Project snowballed and I became a contributor, now it's a big part of my life. I feel like in Rust the feeling of responsibility of how much I can do in my project is limited by how much I want to take on. I feel quite empowered in my current position to do more of that, I want to contribute, vision doc is part of that, shifting away from PRs.
JT: You mentioned a project that started snowballing, can you tell me more about that project, and other types of projects you built in Rust?

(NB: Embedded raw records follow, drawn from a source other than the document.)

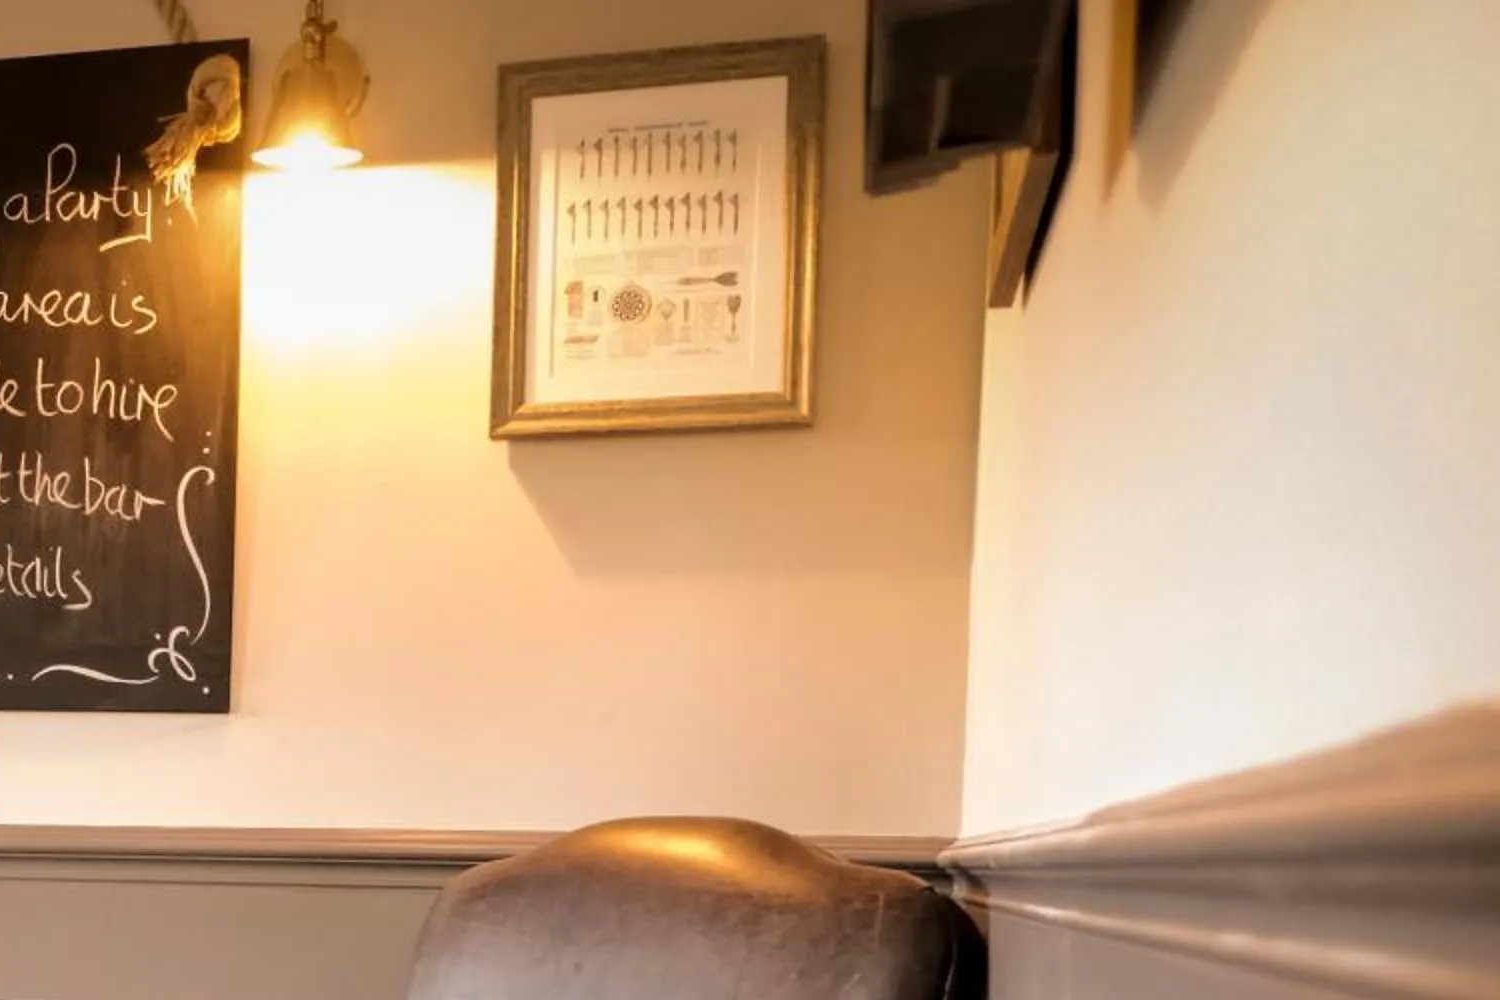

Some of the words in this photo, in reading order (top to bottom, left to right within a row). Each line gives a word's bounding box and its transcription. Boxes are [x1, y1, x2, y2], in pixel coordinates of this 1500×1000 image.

[2, 199, 42, 224] a
[110, 281, 158, 335] is
[36, 357, 84, 418] to
[92, 357, 179, 443] hire
[18, 451, 81, 508] the
[83, 456, 166, 522] bar
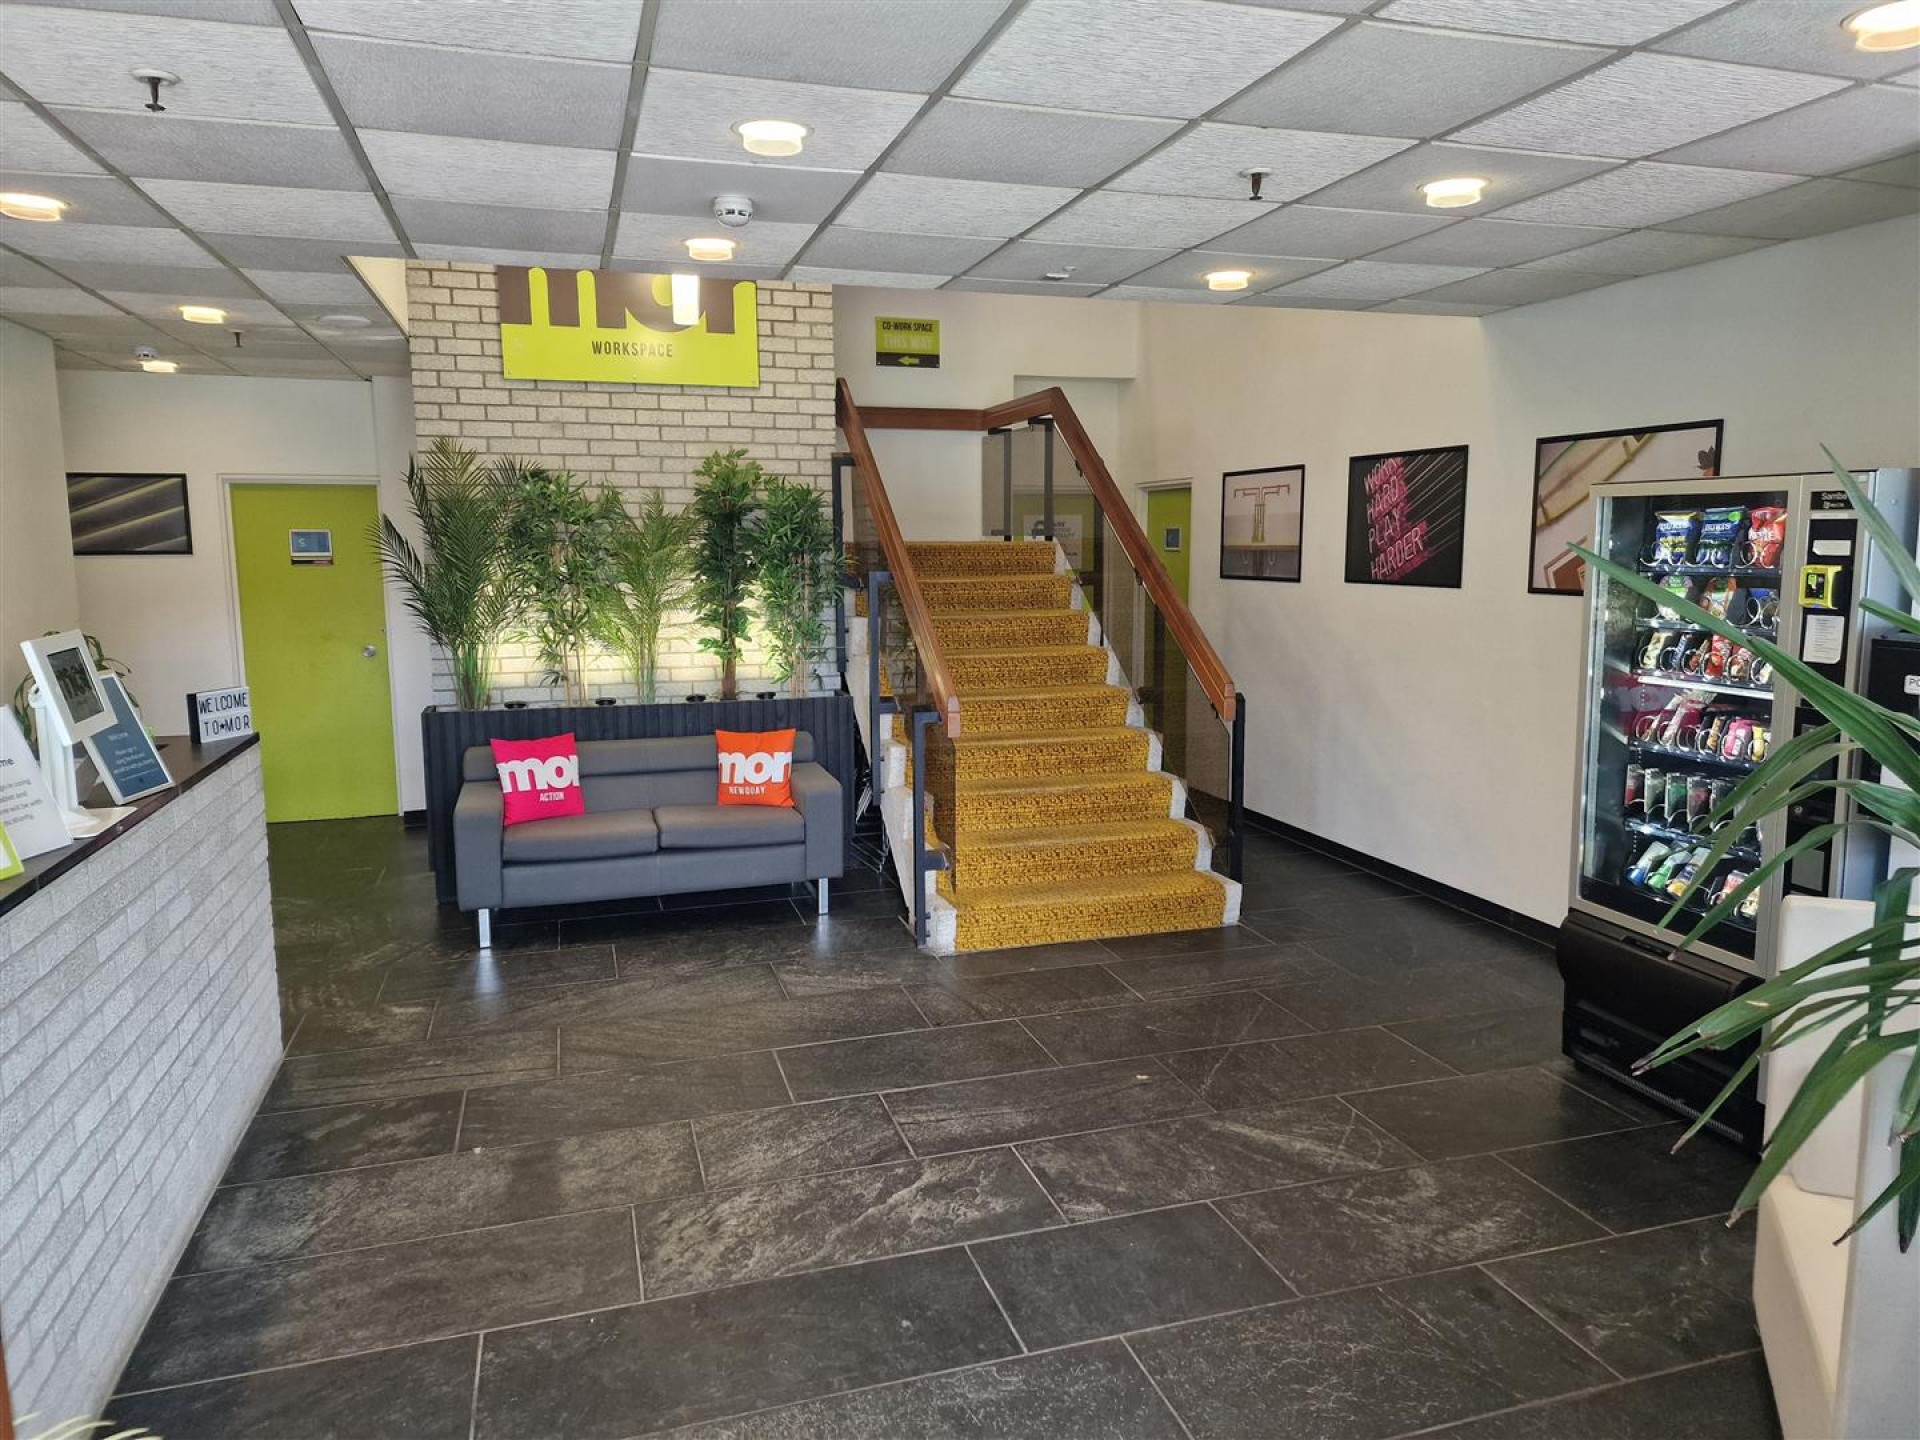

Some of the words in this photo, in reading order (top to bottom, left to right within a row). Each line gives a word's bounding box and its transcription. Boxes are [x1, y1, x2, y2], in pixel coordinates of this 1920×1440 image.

[592, 340, 673, 358] WORKSPACE
[1367, 475, 1400, 525] HARD
[1368, 506, 1402, 554] PLAY
[1371, 527, 1423, 580] HARDER
[199, 692, 249, 714] WELCOME
[203, 719, 220, 736] TO
[540, 791, 564, 802] ACTION
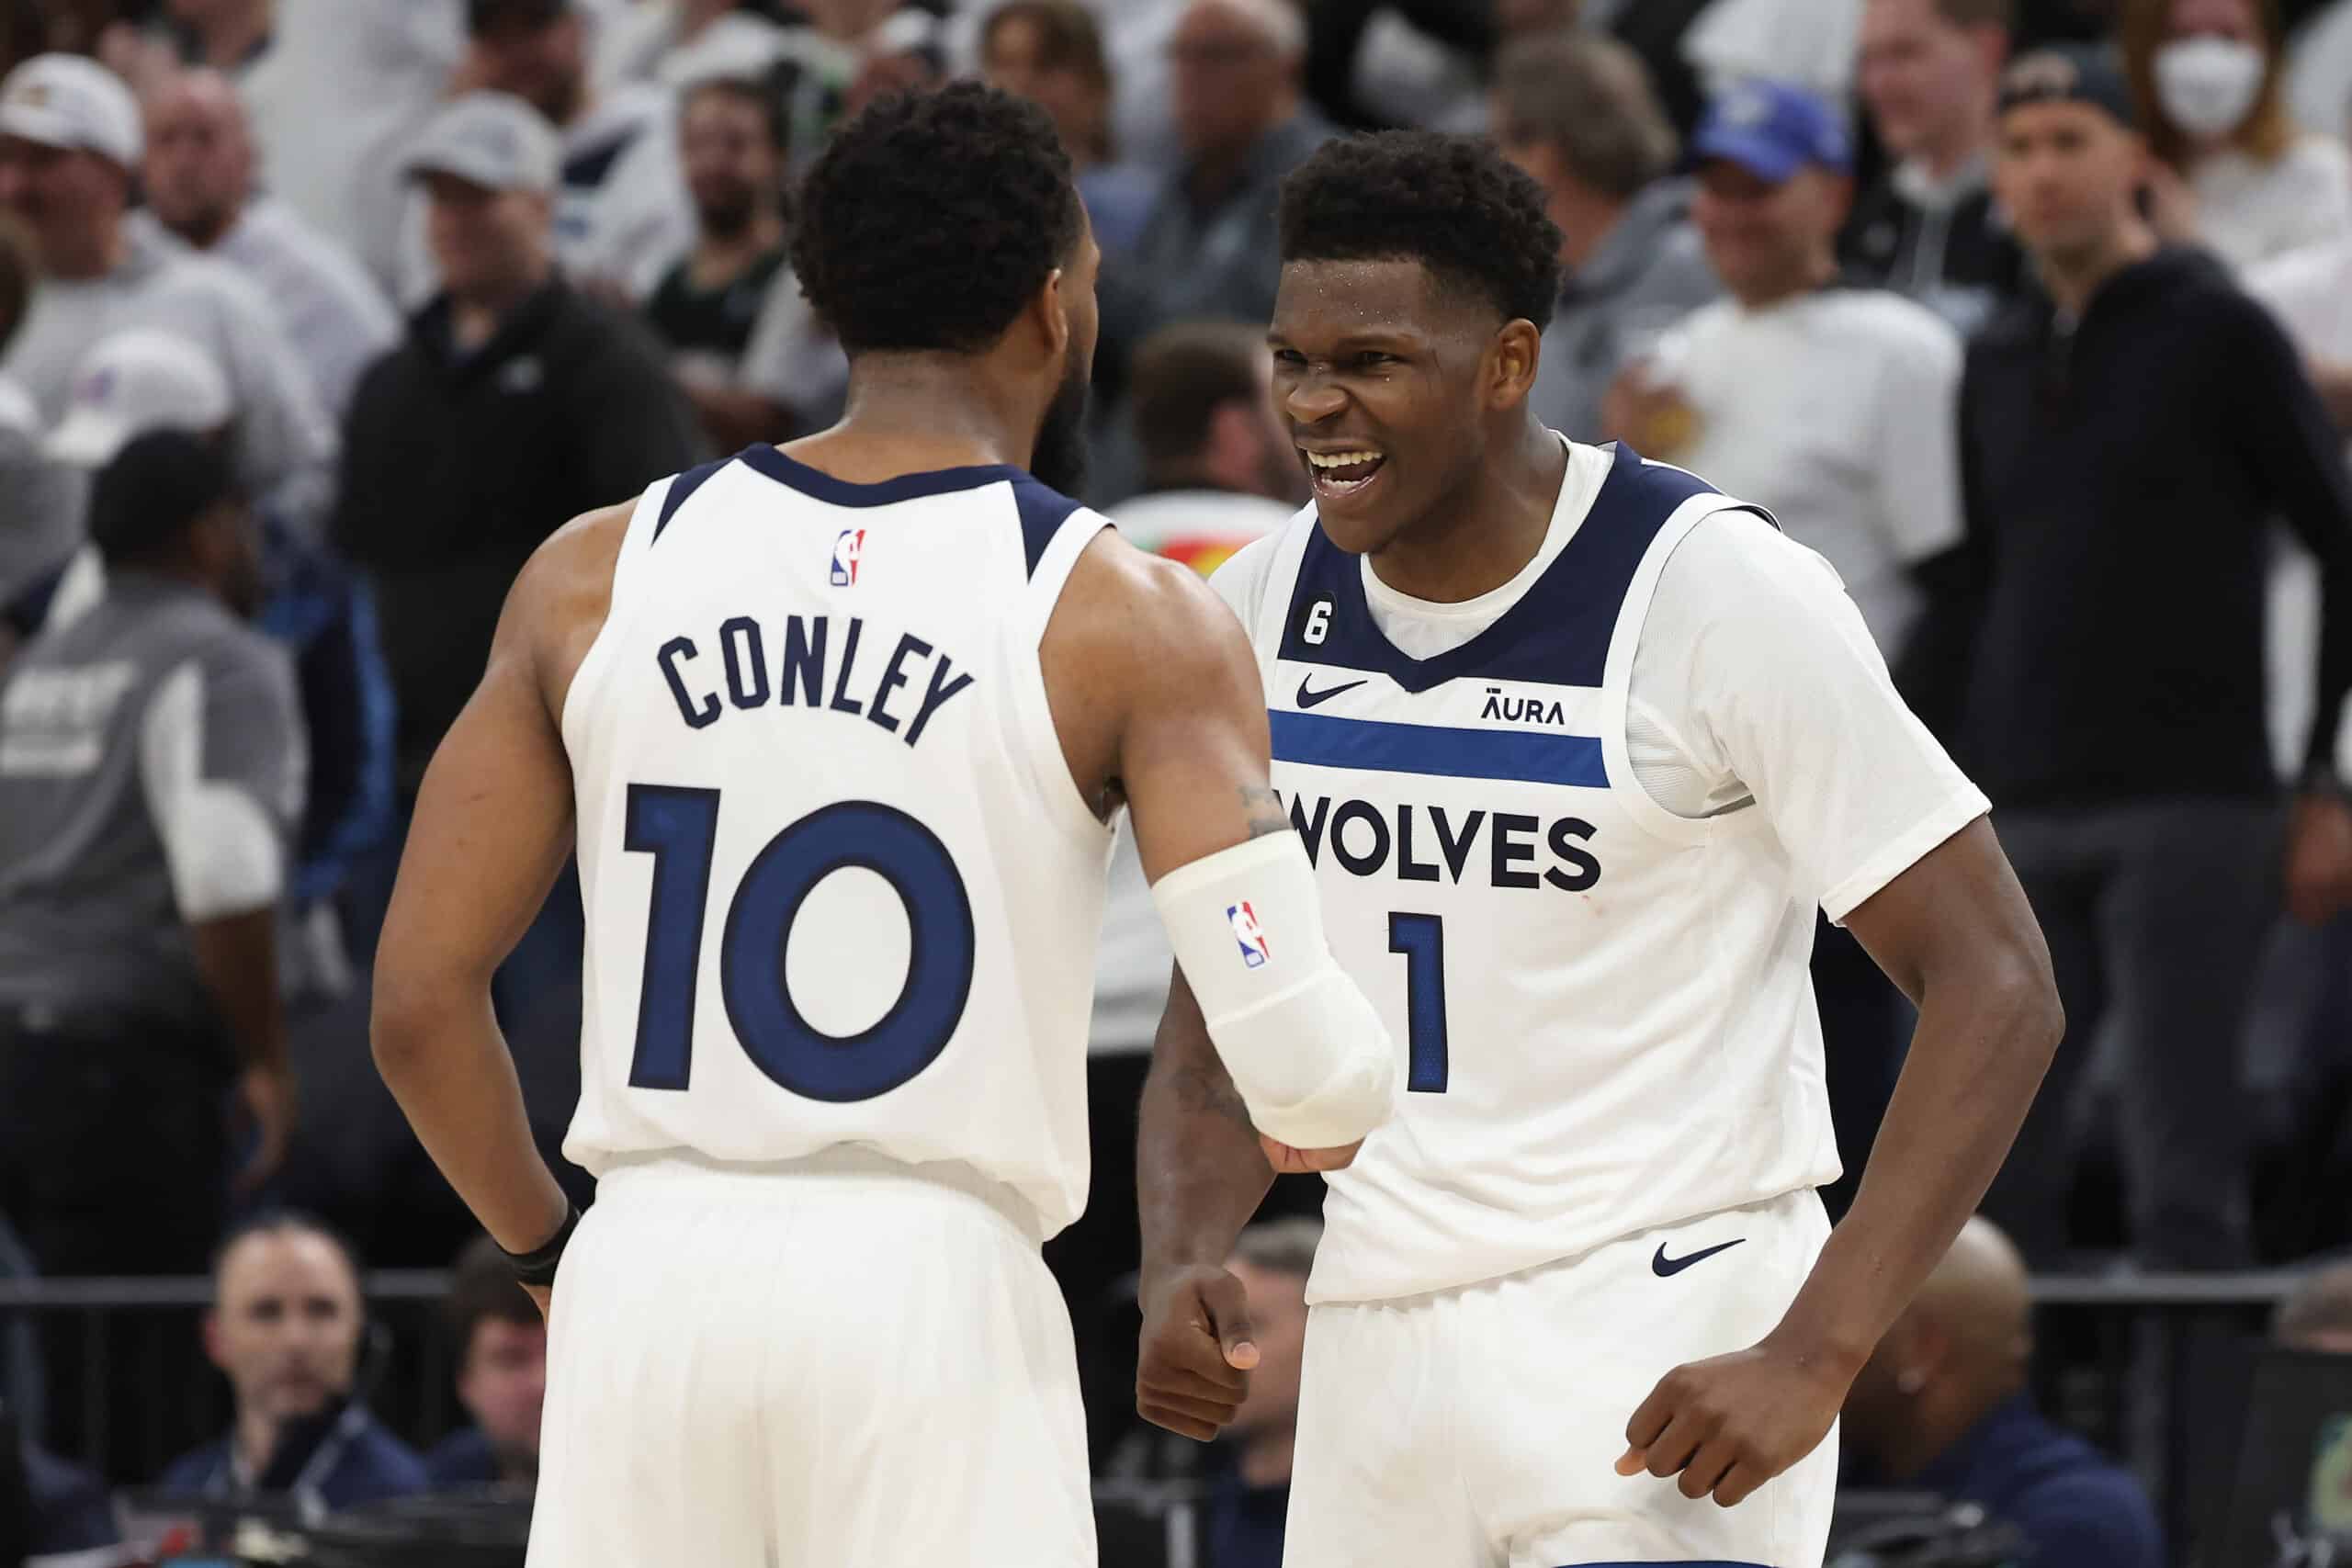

N: CLI tool. Chose Rust for the fun of it. Second one, the one that snowballed, was a compiler thing. I like compilers. I ended up wanting a feature that wasn't stabilized in Rust, looked at the feature, tried to help, started making a PR. Most of my experience in Rust is working on the compiler. Once I got hooked into that, it became the main thing I've done, and now I'm employed to write a rustc driver, so I'm still hooking into the compiler. My professional experience is 100% Rust, mostly that plus hobby projects.
JT: How did Rust fit those projects, where did rust help, how has it Rust gotten in the way?
N: For compiler work, wasn't really a question, but zooming out...Rust is reliable, robust, I would use it whenever there's a piece of code that actually reliably works. I might start with Python but if I want it to last I'll rewrite it in Rust. If I want to collaborate with other people, Rust shines really well there. I haven't had a lot of opportunity, mostly hobby projects as I told you, my limited experience is that, whenever I want something that's reliable, I'll go for it. It's got my back.
JT: Thanks for your abbreviated participation!!! 3 seconds for add'l thoughts?
---
Holly: some things I might have picked up from what Nadri said. 4 years, why? What happened?
You love compilers? Why? Tell me everything about them?
Holly: instead of what's been good and what's been bad, just how's your experience been?
* dig into the meaning of reliable -- what does reliable mean?
*
Josh: We should add some user notes to the script.